10:45 AM on 09/29/2010
This isn't going to work. There is a big difference between going into a campaign with a strong anti-incumbent bias as an unknown and as a sitting President with a less than 50% approval rating. If I were a Republican I would hope he was on the campaign trail constantly because I would want to run against him and not my opponent.

Sry Mr. Obama the bloom is off your rose.
12:39 AM on 09/29/2010
Where is the reporting on the HUGE rally in Wisconsin today. I would think HP would want to at least put one positive report related to Obama on the front page...or is that taboo for some reason?
04:59 PM on 09/28/2010
It's really bad when the hand picked crowd has to get as small as this. Is he afraid to answer the American peoples questions? Do they really have that hard of a time finding suitable people to ask him questions that it has come to this?
03:11 PM on 09/28/2010
Good luck won't be so easy to lie anymore.
12:24 PM on 09/28/2010
For the last two years Obama seems to have discounted the base, everything from mocking gay rights supporters outside an event, dismissing people upset over the public option not being included in the first draft of health care etc...
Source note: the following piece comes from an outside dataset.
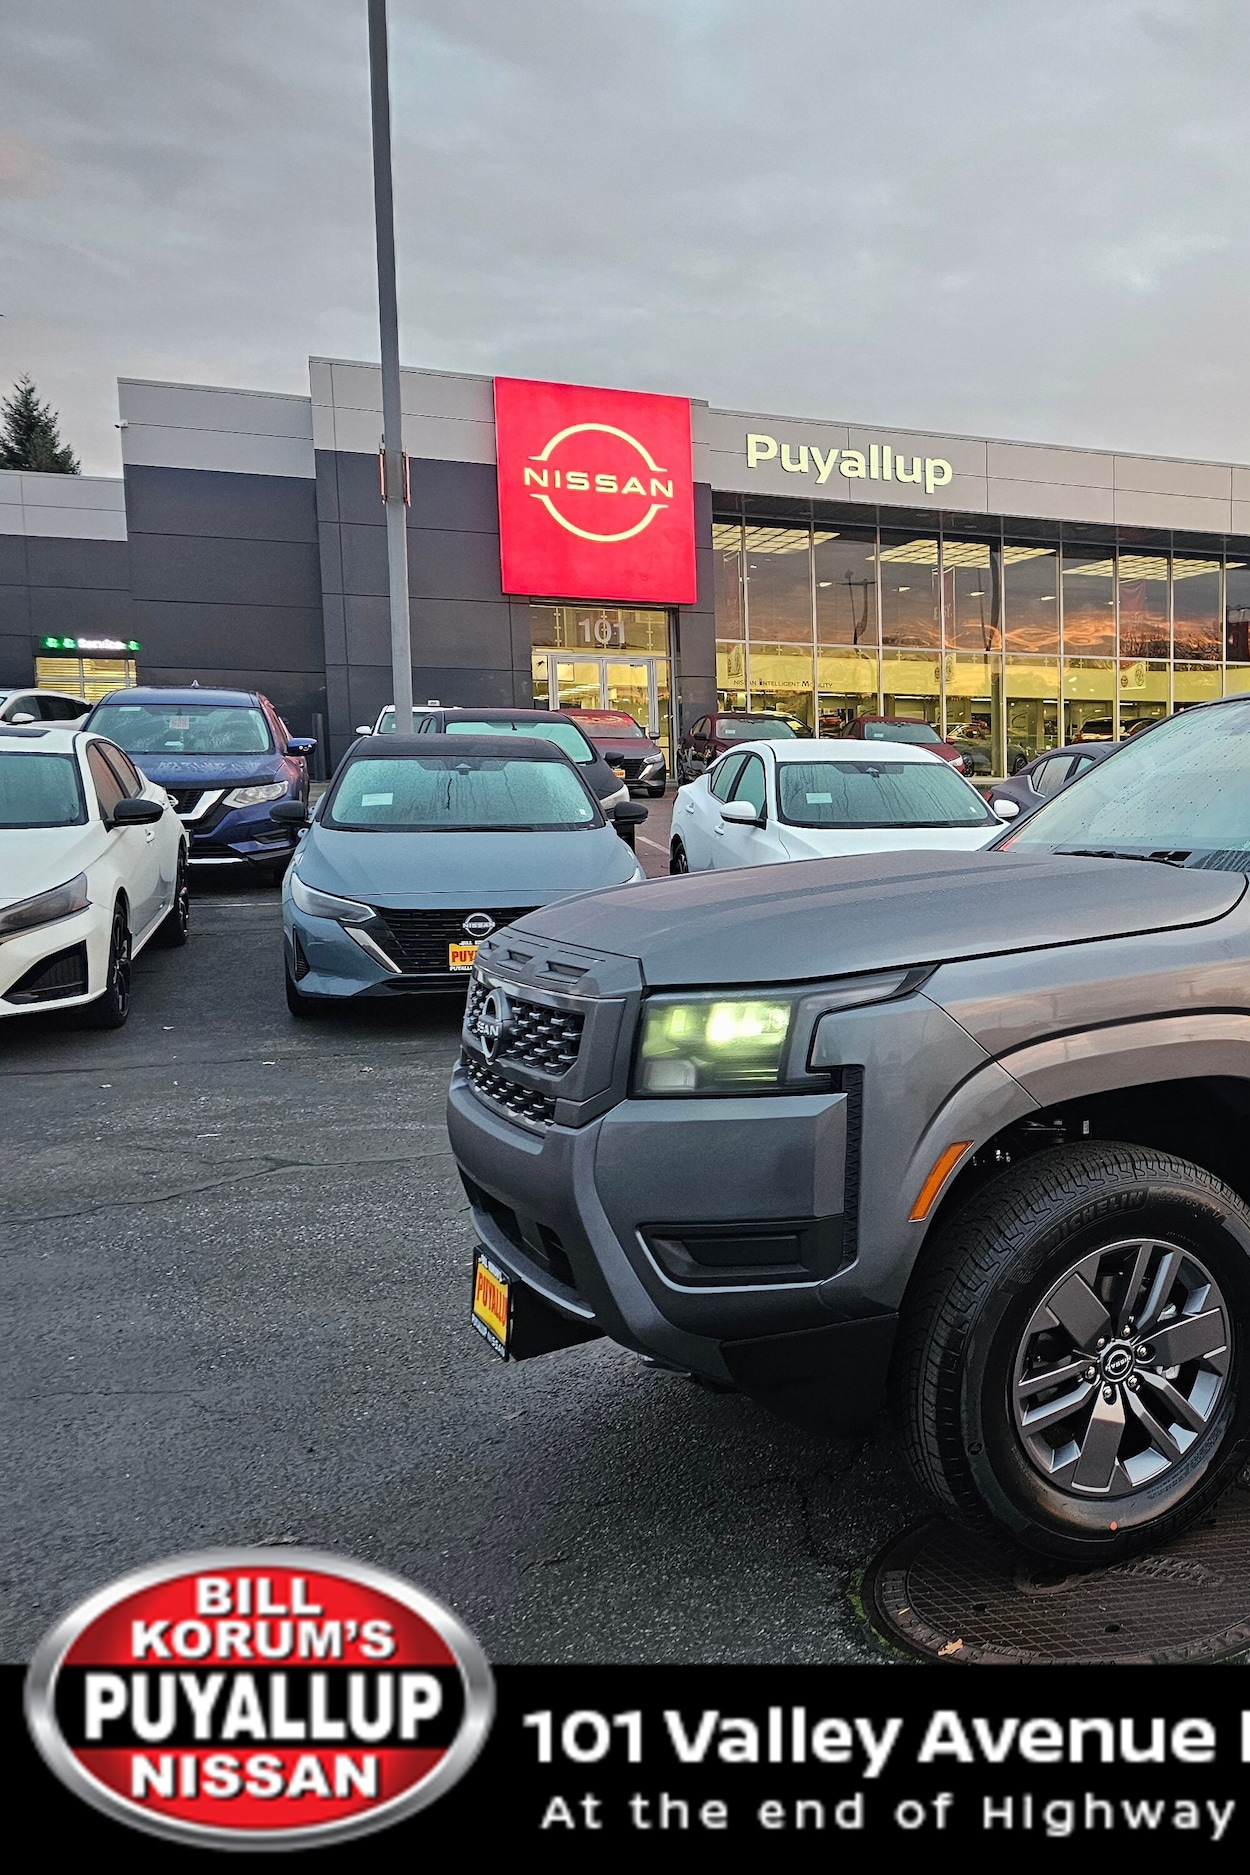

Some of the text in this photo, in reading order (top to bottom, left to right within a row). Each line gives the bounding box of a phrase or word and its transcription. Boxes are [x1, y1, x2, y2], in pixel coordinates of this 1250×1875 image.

And now, true to form, once again, it seems that to Obama, the problem in his mind, is once again his base. Stop telling us change is so hard. You were able to fire General McCrystal even through the Pentagon wanted him to remain and yet you claim that putting through a stop loss order to halt Don't Ask Son't tell can't be done because the Pentagon doesn't want it. You claim to not want Don't Ask Don't Tell yet order your justice department to keep appealing the policy and defend it. And you put up an additional road block to it's repeal when Pelosi and Congress shoved a vote on it down the White hous's throat. You claimed to want the public option but never even put it in the first draft of the bill. You said you would close Guantanamo, it is still there and there has been no explanation as to why, even though there is an empty, brand new prison in Mi. and the town has been begging to have the govt. move the prisoners there.

And now, your base is the problem. Any politician should fear/respect their base more than they do their opponants.
thebigbike
ran away to be a cowboy
12:23 PM on 09/28/2010
and where was this "rekindling" - oh say, 3 months agao, when it might have been able to build up some momentum.... this is just a little bit L-A-T-E!
12:19 PM on 09/28/2010
This is a very good move but he should have started back in June.
HUFFPOST PUNDIT
RMorr2002
11:33 AM on 09/28/2010
Sorry, Barry!  In 2008, you ran on Hope & Change and told people all the WONDERFUL things you would do.  We now know who you are and see that you do not have a clue as to what it takes to lead this great nation.  The Hope is GONE!  You have made everything WORSE and we don't believe your lies any more.